Your last sentence indicates that you havent read the howto carefully or the howto is not detailed enough. There is no need for "changing" the driver because:
During your VM is up and running you add a additional 1G (thin) vDisk with a scsi:X:0 which automatic adds a additional scsi controller and you change it from the default (lsi) to para virtual. Since you already have orignal VMware Tools installed the windows driver for the para scsi controller is already there and with new added vDisk which is vissible in the windows disk management the driver is actived within the windows registry.

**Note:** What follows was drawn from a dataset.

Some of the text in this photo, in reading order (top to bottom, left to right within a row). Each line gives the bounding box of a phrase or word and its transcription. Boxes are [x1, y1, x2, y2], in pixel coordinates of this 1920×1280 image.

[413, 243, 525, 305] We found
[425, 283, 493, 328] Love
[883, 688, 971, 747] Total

So shutdown your VM and change the existing scsi controller to scsi para and fire up the VM again. It will boot without A problem. After successfuly login you can remove the extra added vDisk from the VM. Technicly you can removed in earlier within the same step when changing the controllers. Done that couple of times and never something goes wrong.

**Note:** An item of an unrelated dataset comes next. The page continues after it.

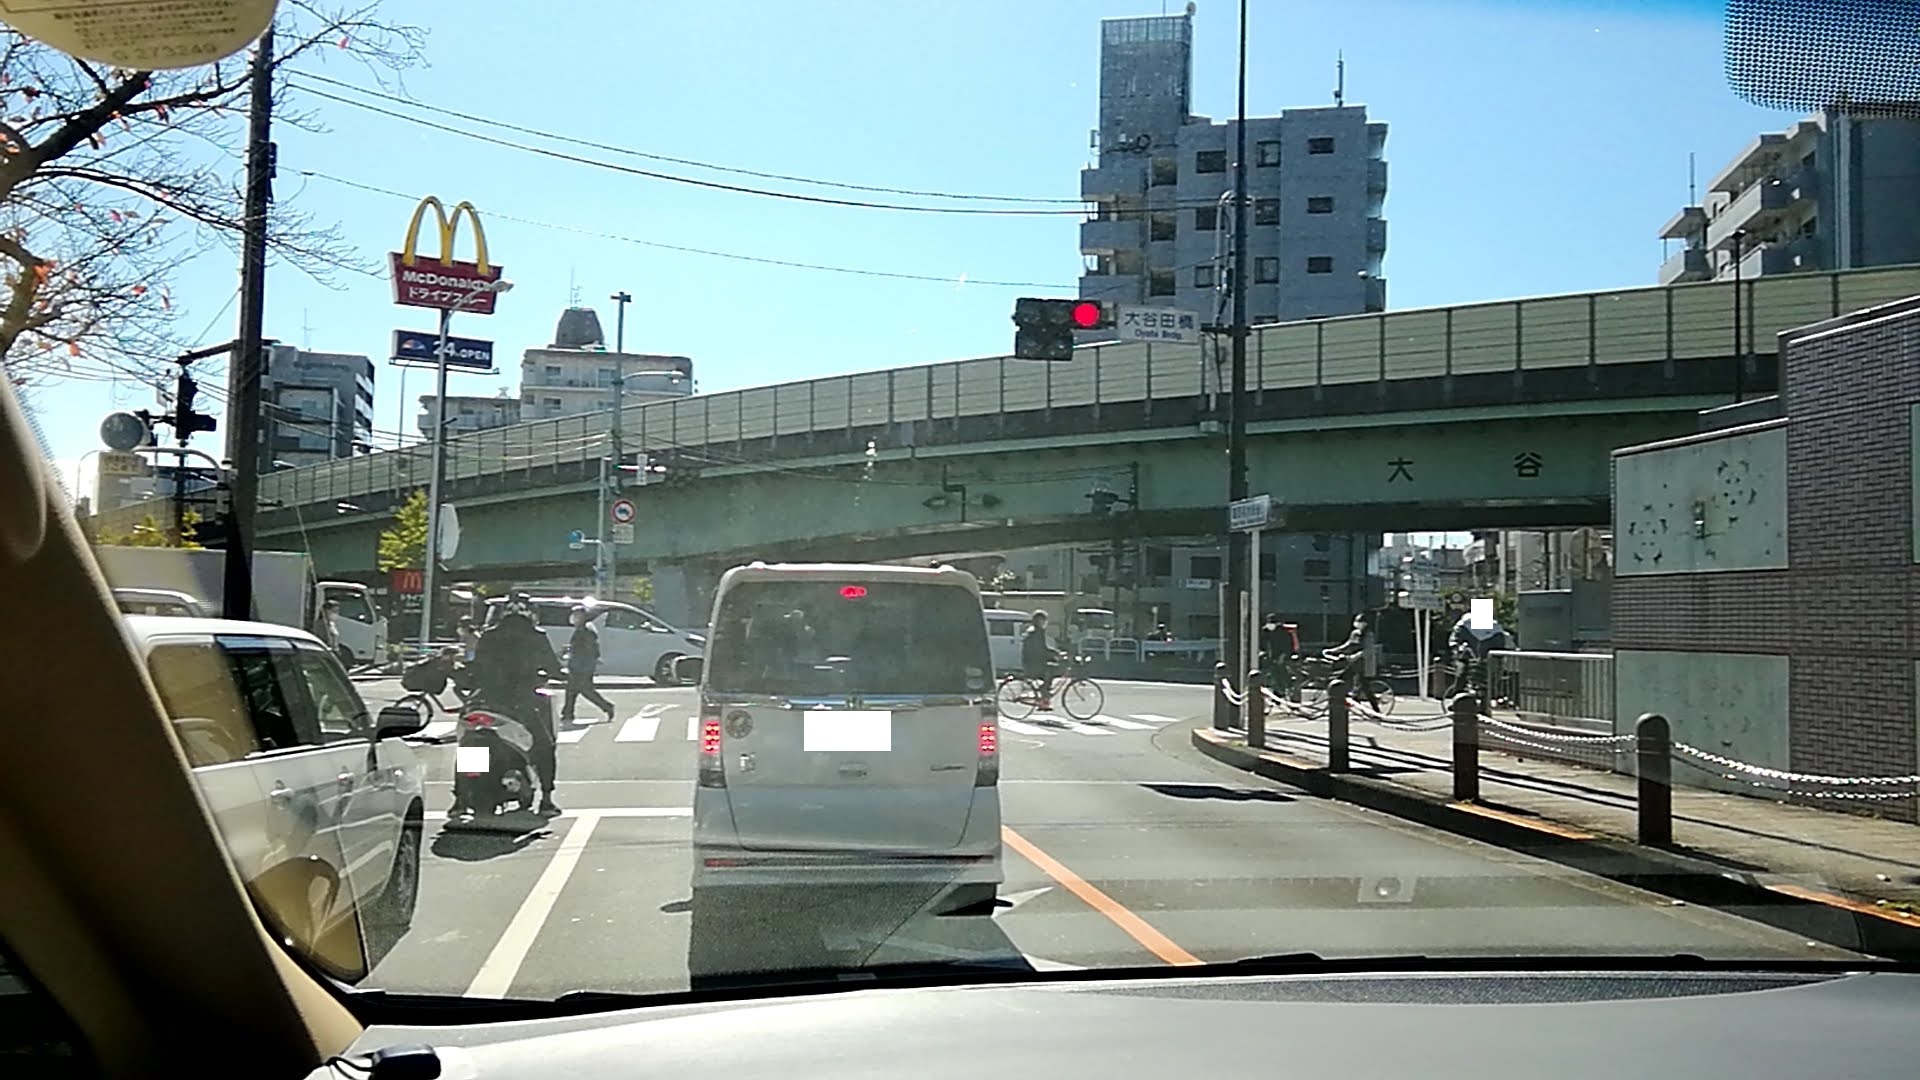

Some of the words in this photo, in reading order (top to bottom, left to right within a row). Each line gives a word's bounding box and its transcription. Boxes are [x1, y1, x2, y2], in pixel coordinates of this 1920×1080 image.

[1124, 311, 1194, 329] 大谷田橋
[460, 348, 490, 360] OPEN

Today we have VM templates which use the scsi para from begining.
BUT......... i dont suggest to change the scsi controller for your windows boot disk(c:) anymore. Why?.... because if you have the need to deinstall the VMware tools for what ever reasons and you reboot your systems you will get the BSOD named 7B for sure. Because the deinstallation also removes the windows driver from the system and windows OS cant start anymore. Now you have to remember the default type of scsi controller and change it back to LSI and windows can boot again. Well.. this can be a huge surprise for your co-workers :smileysilly:
Note: A lot of storage vendors suggest to add multible scsi controllers and add a single vDisk to each for performance reasons in their vSphere best practices.